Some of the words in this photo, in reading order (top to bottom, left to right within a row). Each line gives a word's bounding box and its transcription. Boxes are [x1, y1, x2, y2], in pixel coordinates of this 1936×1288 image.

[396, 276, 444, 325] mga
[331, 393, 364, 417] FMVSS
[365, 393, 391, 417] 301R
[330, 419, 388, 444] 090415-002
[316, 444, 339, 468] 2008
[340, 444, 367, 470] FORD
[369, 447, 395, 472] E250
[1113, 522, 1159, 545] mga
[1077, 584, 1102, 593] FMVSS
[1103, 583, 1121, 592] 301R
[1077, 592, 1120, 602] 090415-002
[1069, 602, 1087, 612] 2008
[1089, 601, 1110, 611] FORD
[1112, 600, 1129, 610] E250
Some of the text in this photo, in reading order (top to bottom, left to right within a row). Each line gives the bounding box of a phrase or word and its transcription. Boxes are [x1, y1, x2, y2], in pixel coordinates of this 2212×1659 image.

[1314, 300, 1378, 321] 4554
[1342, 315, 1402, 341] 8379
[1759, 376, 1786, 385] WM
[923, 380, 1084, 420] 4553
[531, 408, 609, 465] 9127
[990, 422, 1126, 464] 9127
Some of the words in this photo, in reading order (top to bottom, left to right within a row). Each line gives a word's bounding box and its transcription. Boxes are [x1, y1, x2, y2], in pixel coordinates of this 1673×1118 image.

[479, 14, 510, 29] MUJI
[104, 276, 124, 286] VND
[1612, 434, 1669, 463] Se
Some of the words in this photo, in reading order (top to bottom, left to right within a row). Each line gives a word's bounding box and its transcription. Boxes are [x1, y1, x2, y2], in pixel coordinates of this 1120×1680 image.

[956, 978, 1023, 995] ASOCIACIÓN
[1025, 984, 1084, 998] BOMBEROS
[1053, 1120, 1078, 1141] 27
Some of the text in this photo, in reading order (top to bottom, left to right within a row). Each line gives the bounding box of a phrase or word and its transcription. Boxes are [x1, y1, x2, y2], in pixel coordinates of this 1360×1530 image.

# WHAT THE TASK REQUIRES
Your output should consist only of the lines from the one containing "this 1673×1118 image." to the end of the records above, each retyped exactly.

# YOUR SOLUTION
Some of the words in this photo, in reading order (top to bottom, left to right within a row). Each line gives a word's bounding box and its transcription. Boxes are [x1, y1, x2, y2], in pixel coordinates of this 1673×1118 image.

[479, 14, 510, 29] MUJI
[104, 276, 124, 286] VND
[1612, 434, 1669, 463] Se
Some of the words in this photo, in reading order (top to bottom, left to right within a row). Each line gives a word's bounding box and its transcription. Boxes are [x1, y1, x2, y2], in pixel coordinates of this 1120×1680 image.

[956, 978, 1023, 995] ASOCIACIÓN
[1025, 984, 1084, 998] BOMBEROS
[1053, 1120, 1078, 1141] 27
Some of the text in this photo, in reading order (top to bottom, left to right within a row). Each line gives the bounding box of a phrase or word and its transcription. Boxes are [x1, y1, x2, y2], in pixel coordinates of this 1360×1530 image.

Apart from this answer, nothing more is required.